The input —
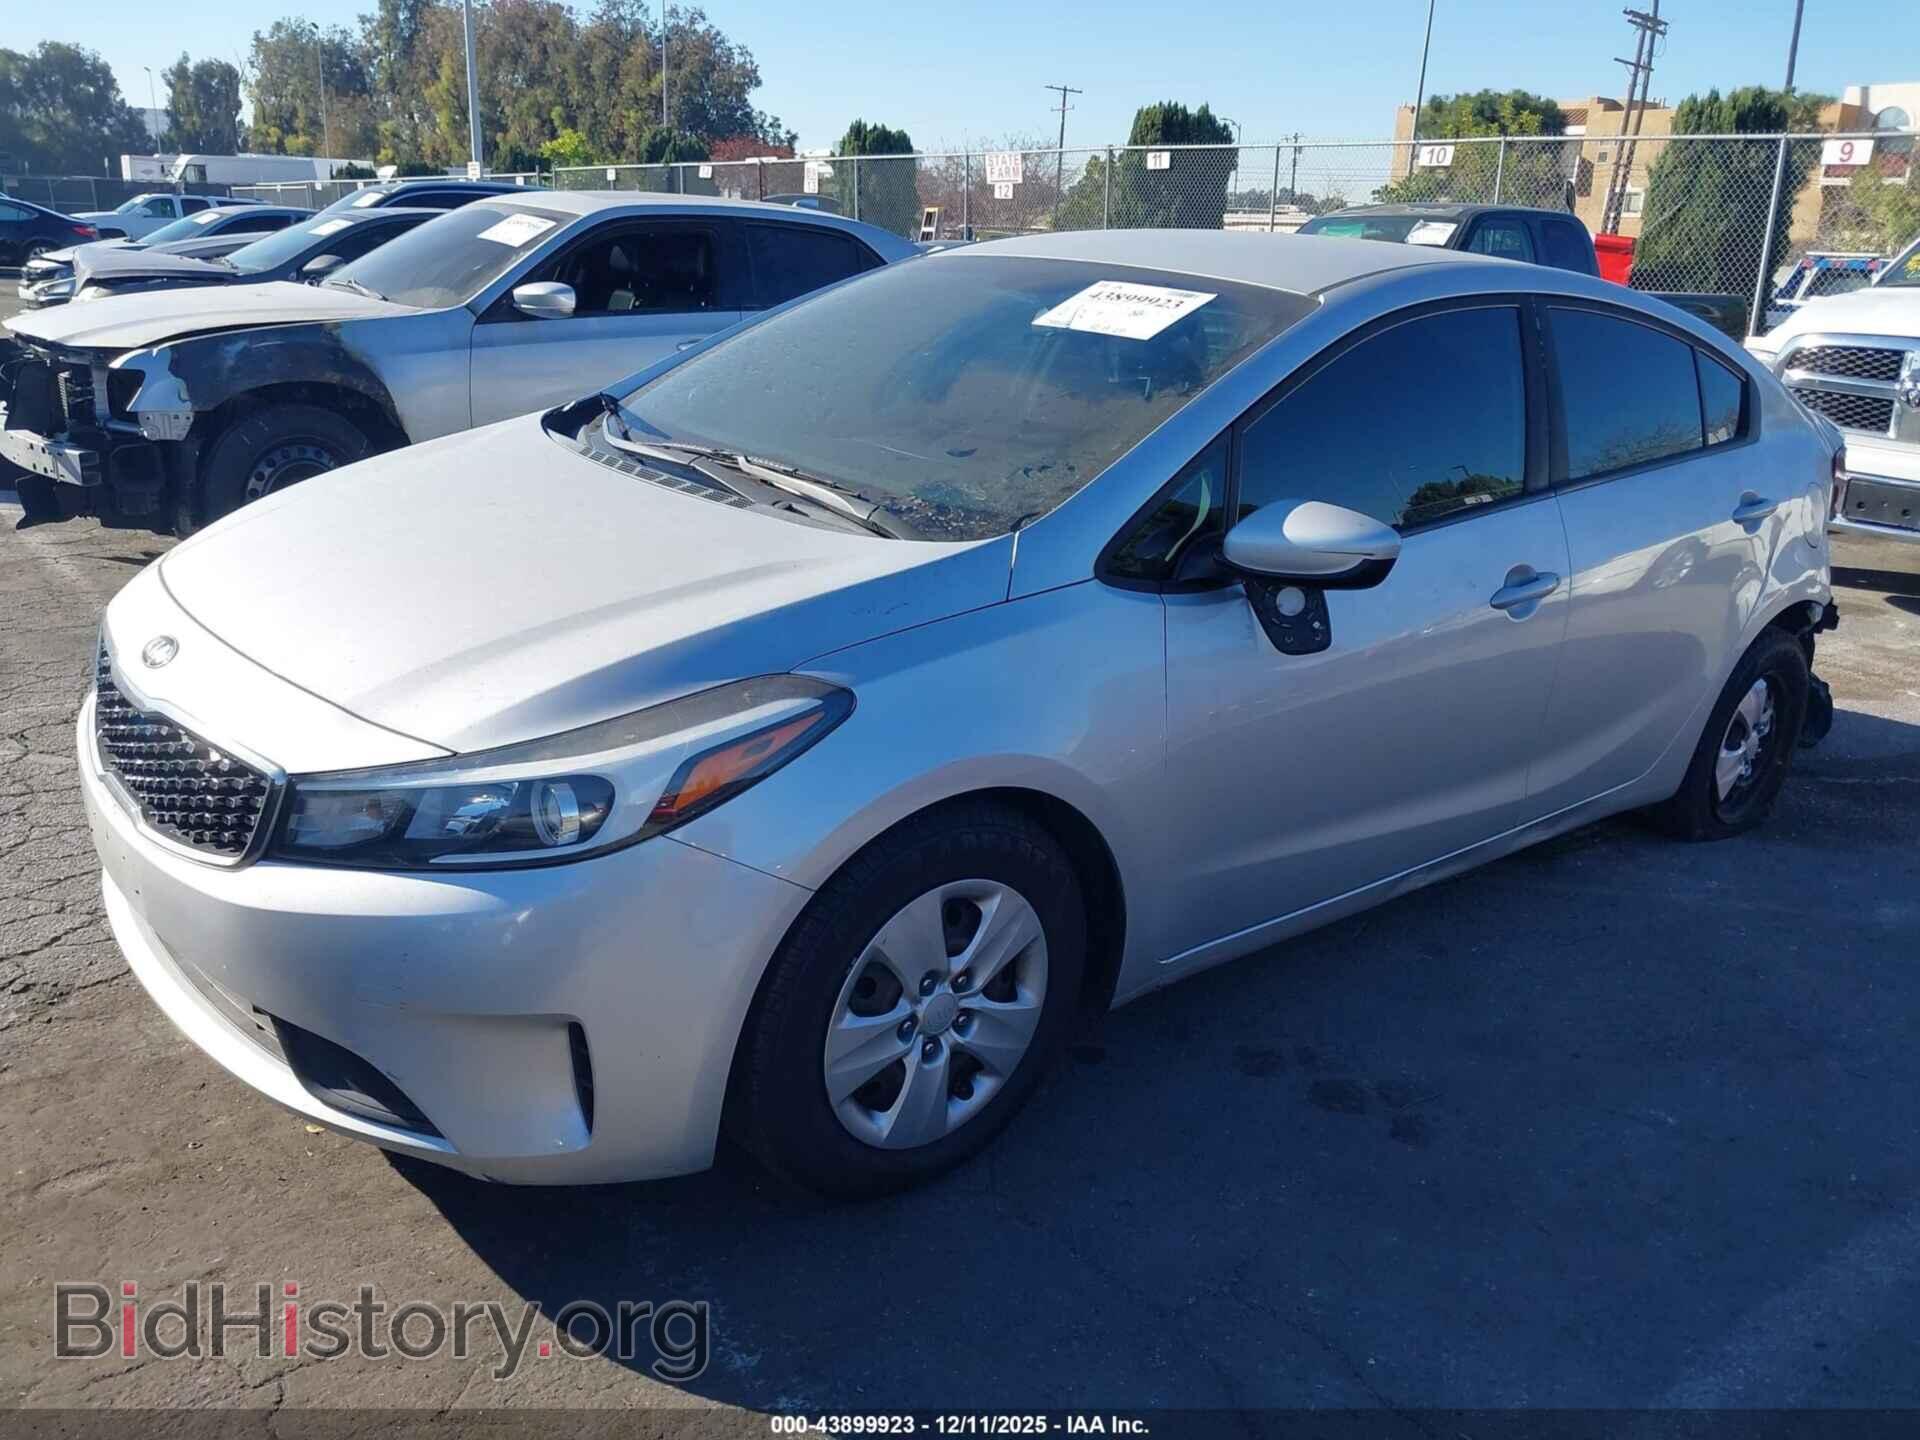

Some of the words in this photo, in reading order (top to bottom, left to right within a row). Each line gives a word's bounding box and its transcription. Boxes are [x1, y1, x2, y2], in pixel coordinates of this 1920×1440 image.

[1427, 147, 1447, 164] 10
[1839, 141, 1854, 162] 9
[987, 154, 1020, 167] STATE
[1152, 153, 1162, 168] 11
[989, 166, 1020, 178] FARM
[998, 184, 1010, 197] 12
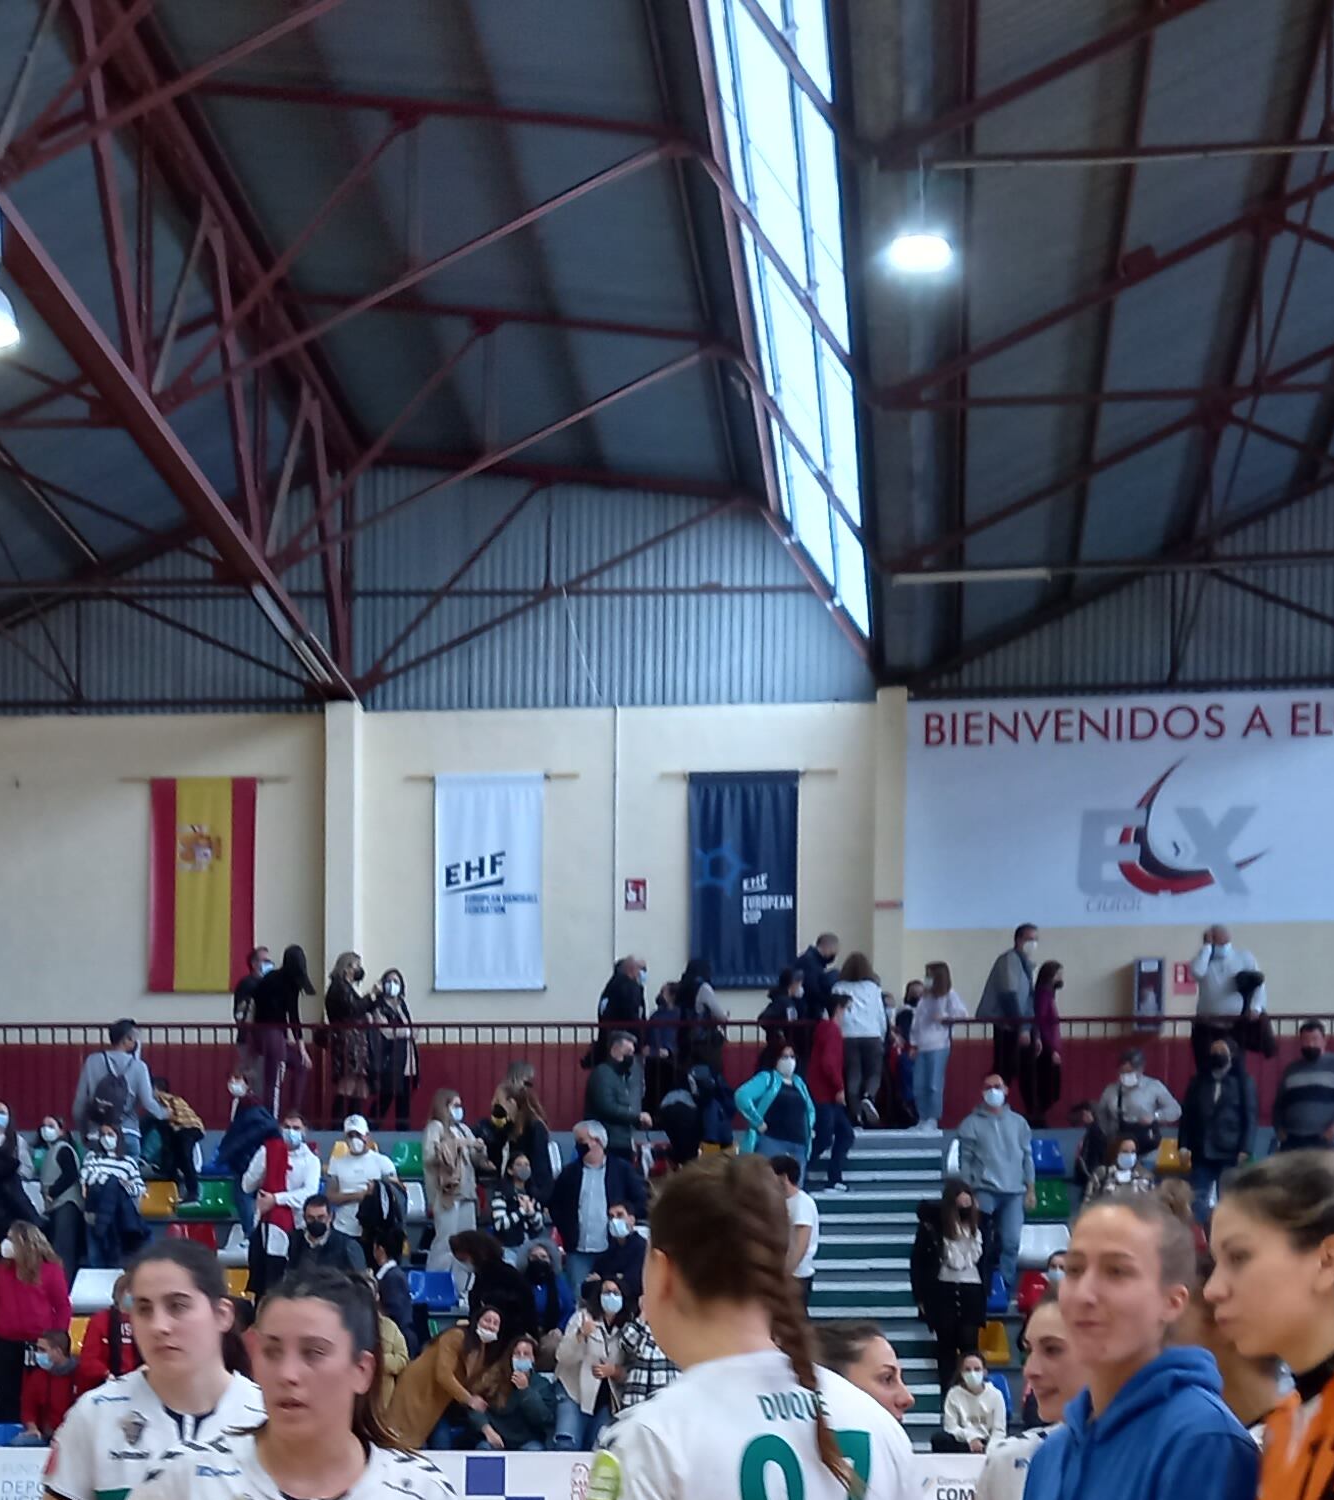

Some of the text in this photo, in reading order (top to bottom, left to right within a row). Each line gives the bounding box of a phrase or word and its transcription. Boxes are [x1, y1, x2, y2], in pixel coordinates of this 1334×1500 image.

Exercise description — Print the full listing above again with exact wording and no images.

Answer space —
Some of the words in this photo, in reading order (top to bottom, left to right within a row). Each line gives a word's bounding box and its transcription. Boxes are [x1, y1, x2, y2], in pixel coordinates of this 1920×1440 image.

[1427, 147, 1447, 164] 10
[1839, 141, 1854, 162] 9
[987, 154, 1020, 167] STATE
[1152, 153, 1162, 168] 11
[989, 166, 1020, 178] FARM
[998, 184, 1010, 197] 12

Some of the text in this photo, in reading order (top to bottom, left to right within a row). Each line gives the bounding box of a phrase or word and its transcription. Boxes are [x1, y1, x2, y2], in pixel coordinates of this 1334×1500 image.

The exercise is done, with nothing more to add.